Tão autêntico quanto uma muamba comprada nos territórios além da Ponte
da Amizade foi o impeachment de Fernando Lugo decidido no dia 22.
O então presidente não teve sequer 24 horas para se defender das ridículas acusações que pesavam contra ele e motivavam supostamente o seu processo de destituição. Não sei como trabalha a justiça paraguaia, mas duvido que julguem um suspeito de forma mais rápida do que o parlamento golpista julgou o processo de impeachment de Lugo. Também não sei o que diz a constituição do Paraguai, mas me parece óbvio que destituir um presidente em pouco mais de 24 horas é algo absurdo. Pensem! Um presidente foi retirado, destituído, impeachmentimado do cargo em pouco mais de 24 horas.
Não tem outra definição. O nome disso é Golpe de Estado!

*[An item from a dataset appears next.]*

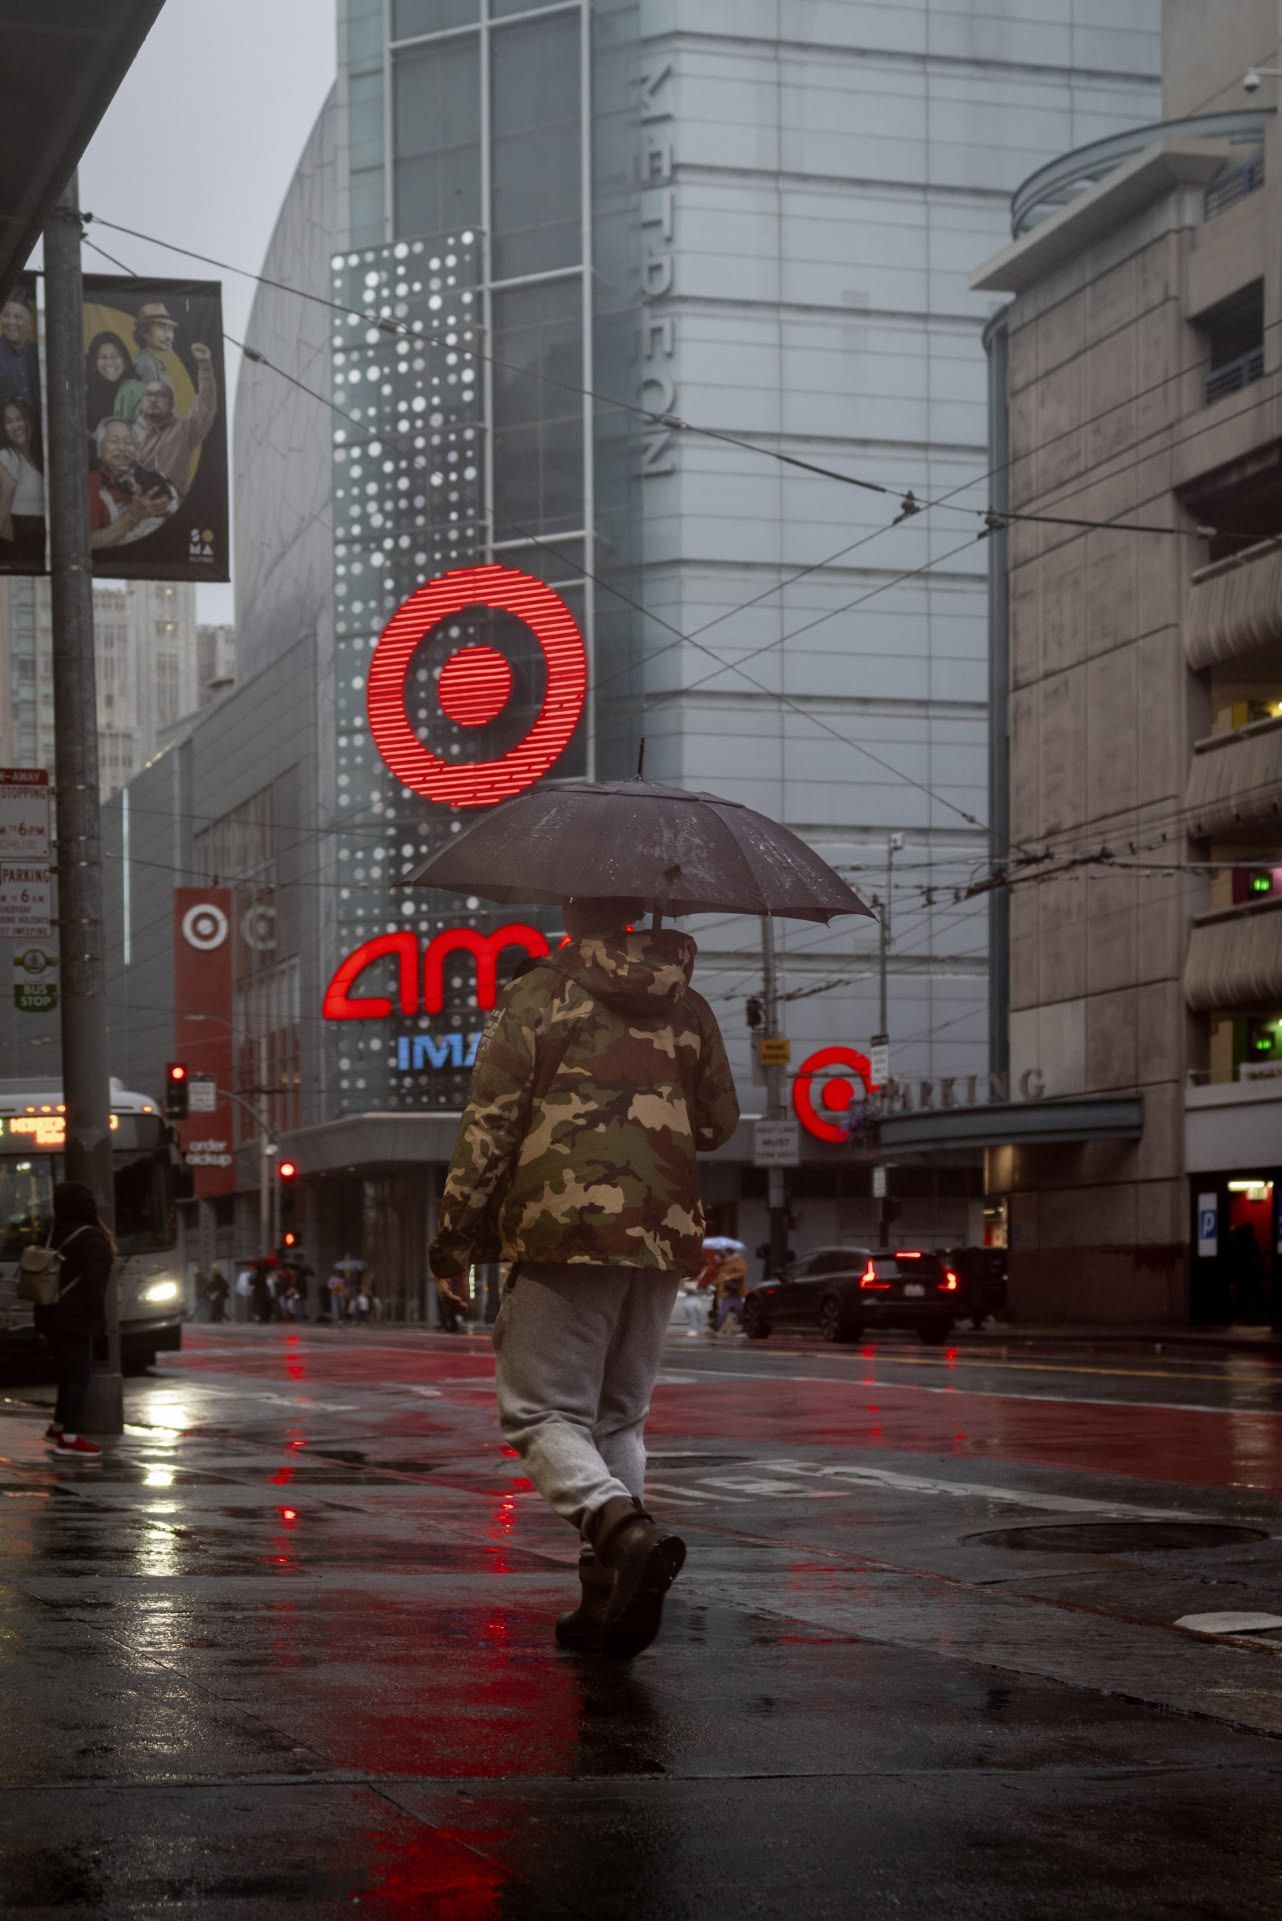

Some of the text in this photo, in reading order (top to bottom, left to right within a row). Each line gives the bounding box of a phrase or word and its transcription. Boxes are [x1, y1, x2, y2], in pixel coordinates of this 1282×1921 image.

E não para por aí. Piora, e fica clara a má intenção do parlamento paraguaio, se lembrarmos que tudo isso aconteceu em meio ao Rio + 20, quando todas as atenções estavam direcionadas para a conferência no Rio de Janeiro. Foram oportunistas.
Os algozes de Lugo alegam um monte de baboseiras, mas não apresentaram nenhuma acusação concreta. A verdade é que Fernando Lugo, eleito democraticamente pelo povo paraguaio (povo este que protesta em sua defesa), estava voltando suas atenções para a questão da reforma agrária no Paraguai. Fato este que incomodou muita gente por lá. Incomodou a ponto de aplicarem um golpe de estado.
É inadmissível que o governo brasileiro, de quem o mundo espera um posição de liderança dentro da política Sulamericana, tenha uma posição diferente da de não reconhecer esse governo golpista e antidemocrático que ora se encontra no país vizinho. É inaceitável também que, diante da posição antidemocrática do parlamento paraguaio e do que se prega o Protocolo de Ushuaia (que rege o compromisso democrático no Mercosul), os países que compõem o Mercosul não decidam pela suspensão do Paraguai da participação do bloco.
A fama do Paraguai é de comercializar produtos falsos, mas nesse momento o que há de mais falso é o seu governo. Uma verdadeira democracia paraguaia.